HOUSTON — On so many nights during this mediocre season, after the Mets have gotten shut out or at least shut down, they have turned to a familiar refrain, a verbal crutch that sounds good enough when they don’t actually have any answers for what went wrong.
One must tip his cap to the pitcher. When the pitcher executes and doesn’t make mistakes, it is difficult for hitters to do anything. That guy is getting paid too.
On Tuesday, in a 4-2 loss to the Astros, all of the above was intensely true.
Righthander Framber Valdez, Houston’s in-house ace replacement for Justin Verlander, outdueled his predecessor with a gem: eight innings, two runs, four hits, one walk, nine strikeouts. He lasted into the sixth before allowing a baserunner.
Verlander was only OK, lasting seven innings and yielding four runs and eight hits. He struck out five and walked none.
The Mets (34-39) will wake up on Wednesday, the first day of summer, 13 games back in the NL East — their largest division deficit on this date since 2003.
Facing the Astros for the first time since leaving them to sign with the Mets in December, Verlander was largely effective except for a three-run blip in the third inning.

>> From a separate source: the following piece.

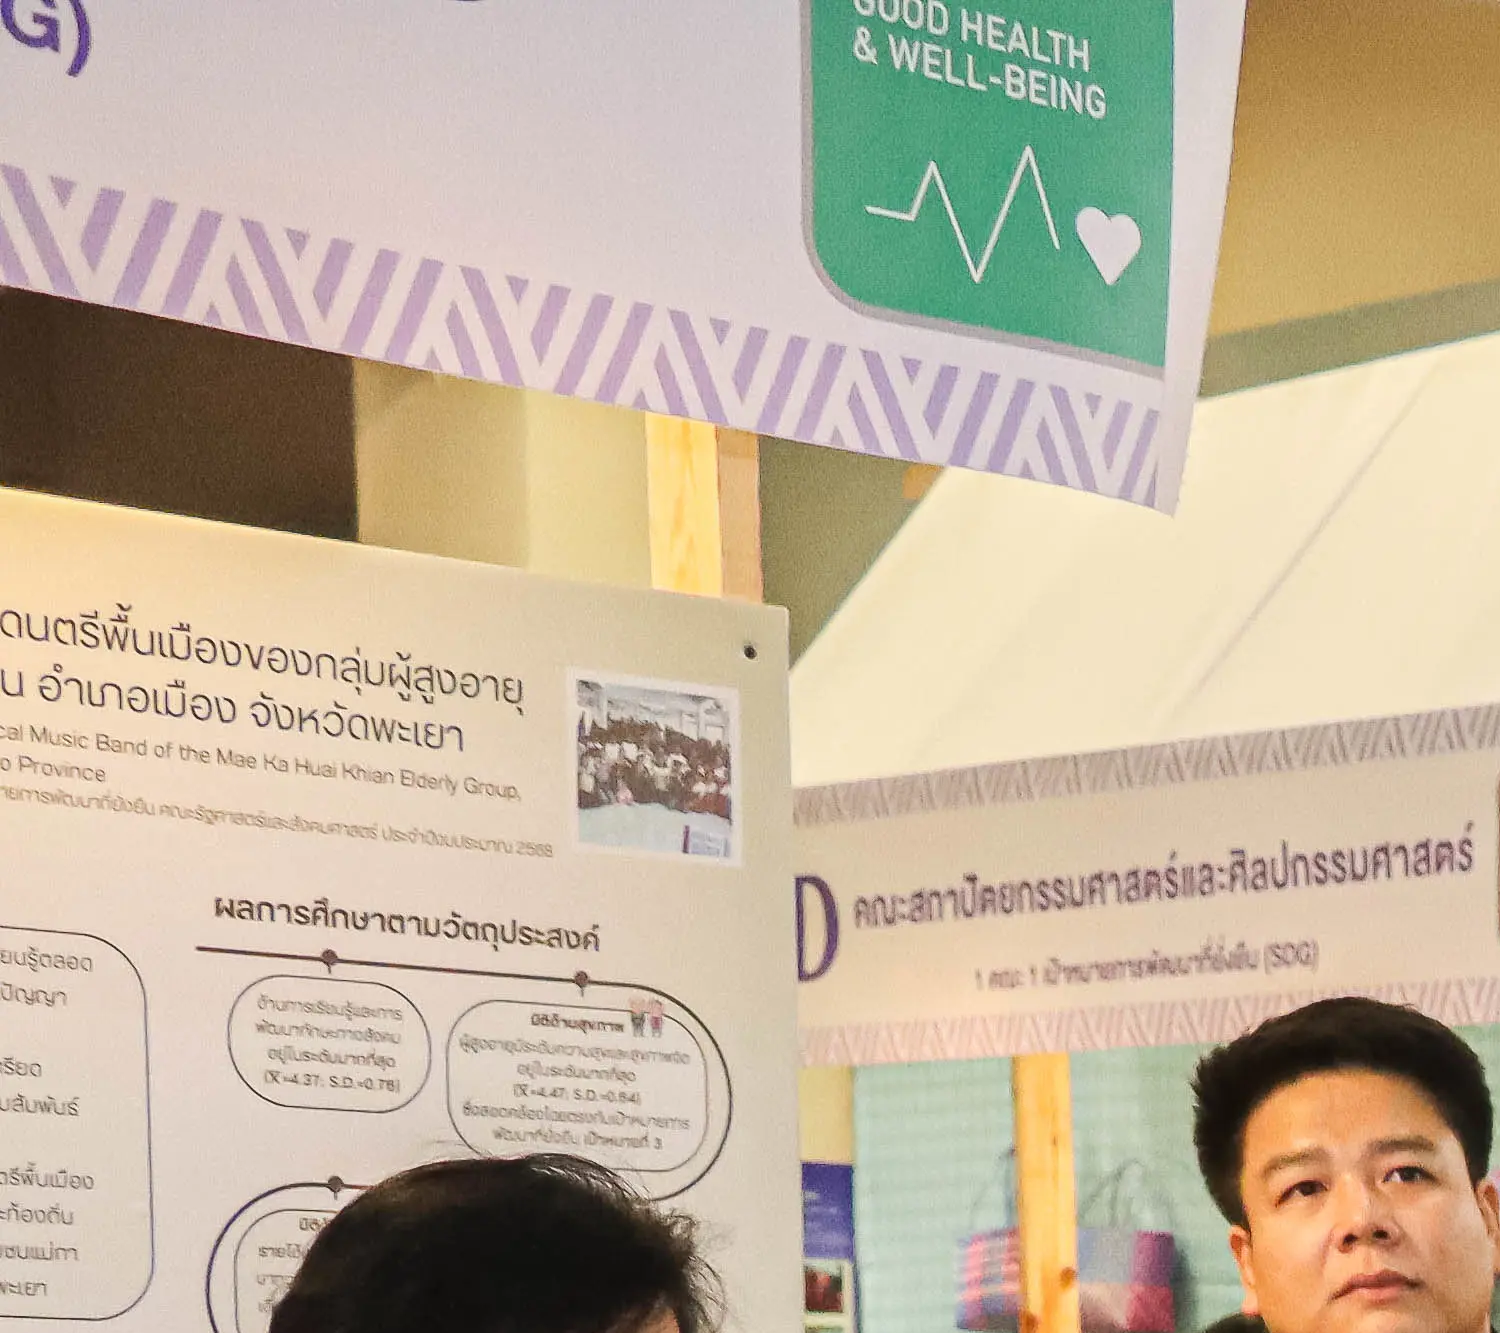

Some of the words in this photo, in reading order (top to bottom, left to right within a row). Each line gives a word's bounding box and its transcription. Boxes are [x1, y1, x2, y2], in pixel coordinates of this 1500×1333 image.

Corey Julks led off with a double down the rightfield line, advanced to third on Martin Maldonado’s single past a diving Francisco Lindor and scored easily on Jose Altuve’s sacrifice fly to center.
Then Alex Bregman came through with the big blow, a two-run home run. Verlander gave him a middle-middle fastball and he pulled it over the leftfield wall.
The Astros (40-34) tacked on a run in the seventh on Jose Altuve’s two-out single.
The Mets, meanwhile, totaled five baserunners against Valdez (2.27 ERA).
Valdez’s bid for a perfect game ended with one out in the sixth inning, when Mark Canha singled on a line drive looped to rightfield. The next batter, Eduardo Escobar, grounded into an inning-ending double play, keeping Valdez’s batters-faced total at the minimum.
With two outs in the seventh, Francisco Lindor walked when Valdez pitched to him carefully (after his previous at-bats came the closest to doing any damage, with a flyout to the rightfield wall in the first inning and a lineout to centerfield in the fourth). But that inning, too, ended immediately thereafter, with shortstop Jeremy Pena fielding Pete Alonso’s ground ball and firing a throw to first base from the edge of the leftfield grass.
Tommy Pham (single) and Francisco Alvarez (double) reached base to open the eighth and later scored. But Brandon Nimmo, representing the potential tying run, popped out to end the frame.